EGLIN AIR FORCE BASE, Fla. – At 97, retired Lt. Col. Richard Cole can still fly and land a vintage B-25 with a wide grin and a wave out the cockpit window to amazed onlookers.

David Thatcher, 91, charms admiring World War II history buffs with detailed accounts of his part in the 1942 Doolittle Raid on Tokyo, in which he earned a Silver Star.

Retired Lt. Col. Edward Saylor, 93, still gets loud laughs from crowds for his one liners about the historic bombing raid 71 years ago Thursday that helped to boost a wounded nation's morale in the aftermath of Japan's attack on Pearl Harbor.

Cole, Thatcher and Saylor -- three of the four surviving crew members from the history-making bombing run -- are at Eglin Air Force Base in the Florida Panhandle for a final public reunion of the Doolittle Raiders. They decided to meet at Eglin because it is where they trained for their top-secret mission in the winter of 1942, just weeks after the Japanese devastated the American fleet at Pearl Harbor.

The fourth surviving raider, 93-year-old Robert Hite, could not make the event.

"At the time of the raid, you know the war was on and it was just a mission we went on, we were lucky enough to survive it but it didn't seem like that big of a deal at the time. I spent the rest of the war in Europe and with the guys in Normandy and taking bodies out of airplanes and stuff and I didn't feel like a hero," Saylor said Wednesday following a ceremony in which an F-35 Joint Strike Fighter maintenance hangar at the base was named in his honor.

Saylor joked with the audience of young airmen and local dignitaries.

"My reaction when I out found out we were bombing Japan from an aircraft carrier was that it was too far to swim back home so we might as well go ahead with it," he said.

The 16 planes, loaded with one-ton bombs, took off from the aircraft carrier on less than 500 feet of runway.

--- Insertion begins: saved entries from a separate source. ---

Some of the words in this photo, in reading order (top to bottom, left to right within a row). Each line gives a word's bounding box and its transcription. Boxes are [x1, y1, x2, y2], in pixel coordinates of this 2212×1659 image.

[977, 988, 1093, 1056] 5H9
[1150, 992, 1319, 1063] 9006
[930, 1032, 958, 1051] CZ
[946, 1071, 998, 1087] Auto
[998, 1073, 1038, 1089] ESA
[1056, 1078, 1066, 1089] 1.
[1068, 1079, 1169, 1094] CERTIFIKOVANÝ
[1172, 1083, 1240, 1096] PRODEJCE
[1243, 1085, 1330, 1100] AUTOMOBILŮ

They had only enough fuel to drop their bombs and try to land in China with the hope that the Chinese would help them to safety.

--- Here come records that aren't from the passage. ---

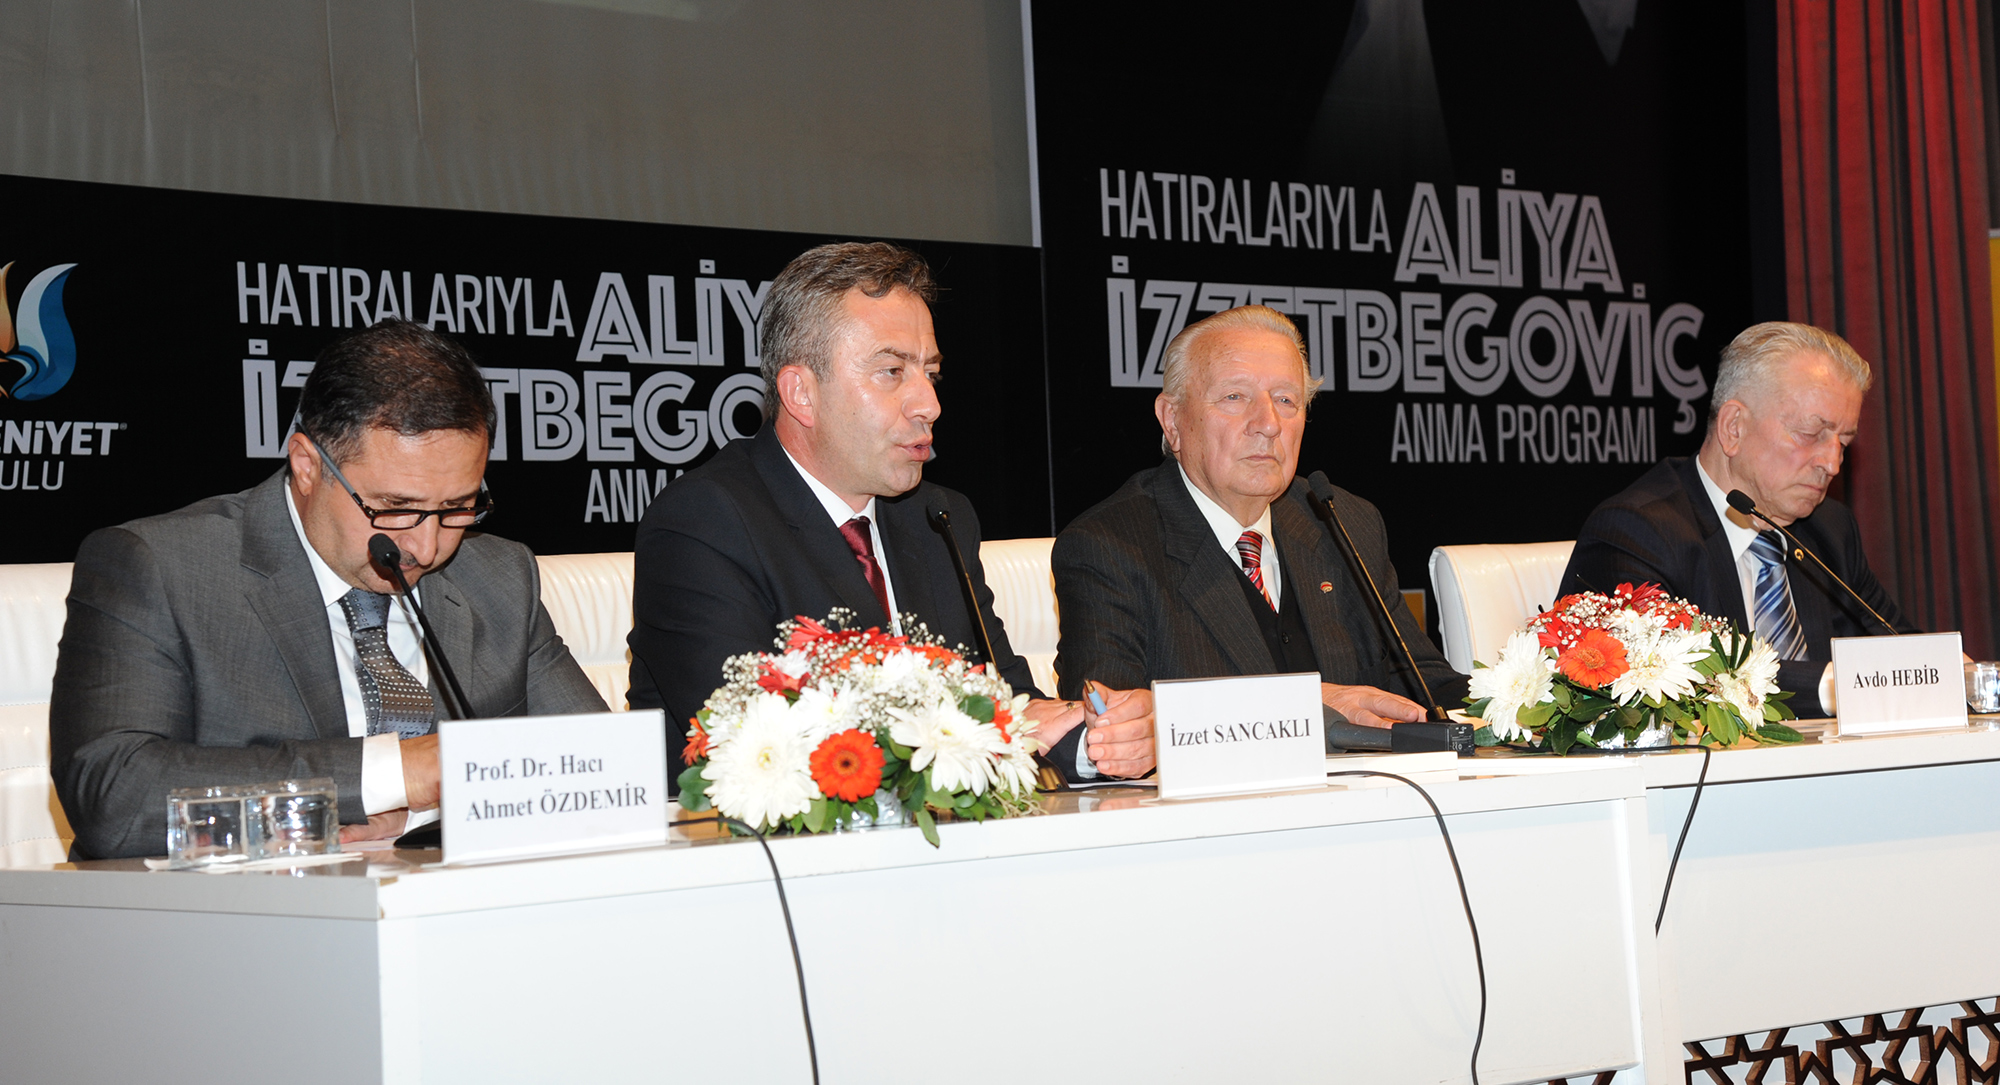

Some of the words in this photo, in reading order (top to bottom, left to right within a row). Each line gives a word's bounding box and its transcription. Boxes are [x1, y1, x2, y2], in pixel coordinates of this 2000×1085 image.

[1100, 167, 1392, 253] HATIRALARIYLA
[1395, 168, 1625, 294] ALİYA
[575, 259, 774, 368] ALİY
[1107, 255, 1707, 434] İZTBEGOVİÇ
[1390, 402, 1488, 464] ANMA
[1496, 403, 1657, 464] PROGRAMI
[583, 468, 685, 523] ANM
[1853, 671, 1888, 689] Avdo
[1891, 664, 1940, 687] HEBİB
[1170, 723, 1209, 747] İzzet
[1214, 718, 1311, 744] SANCAKLI
[465, 760, 515, 782] Prof.
[522, 757, 553, 778] Dr.
[560, 754, 604, 775] Hacı
[466, 797, 533, 821] Ahmet
[540, 783, 648, 814] ÖZDEMİR

"We were all pretty upbeat about it, we didn't have any bad thoughts about what was going to happen. We just did what we had to do," said Cole, who was Doolittle's co-pilot.

Wednesday's event at the base is part of a weeklong series of activities planned by the military and community leaders to honor the men.

Thomas Casey, business manager for the Raiders and a longtime fan of the men, said the four survivors have decided they can no longer keep up with the demands of group public appearances.

"The mission ends here in Fort Walton Beach on Saturday night, but their legacy starts then," he said.

Casey said he hopes everyone who has had a chance to interact with the men will keep their legacy alive. "I want them to tell the story to their children, their grandchildren, their neighbors and keep their story going because their story is worthwhile telling."

At each reunion is a case containing 80 silver goblets with the name of each raider inscribed right-side up and upside down on a single goblet. The men toast their fallen comrades each year and turn their goblets upside down in their honor.

They have also saved a bottle of Hennessy cognac from 1896, the year mission commander James Doolittle was born. The Raiders had said the final two survivors would open the bottle, but they have since decided that the four survivors will meet in private later this year for the toast.

At Thursday's dedication of the Saylor Hangar, the three men posed for pictures beneath a vintage B-25 bomber and an F-35 Joint Strike Fighter that sat beside it.

Col. Andrew Toth, commander of the F-35 squadron at Eglin, told the men, "You boosted the morale of this nation just four months after Pearl Harbor. Thank you for your dedication service."

Young airmen and women got the old veterans' autographs and thanked them for their service.

"I've seen the movies, you know `Thirty Seconds Over Tokyo.' I think this is awesome because they actually trained here at Eglin and they did the ceremony to actually name a hangar after one of the guys, it's pretty cool," said Air Force Lt. Col. Mike Matesick.

Larry Kelley owns the vintage B-25 aircraft that Cole flew a day earlier during a demonstration of four restored B-25s from the World War II era.

Kelley choked up when trying to explain what it has meant to him to meet Cole and the other raiders over the last several years and to have the men fly in his aircraft.

"Here are some of the most famous aviators that came out of World War II and they've never put a nickel in their pocket for notoriety," he said. Instead, he said, any money from book signings and appearances has always gone to the James H. Doolittle Scholarship Fund for aviation students.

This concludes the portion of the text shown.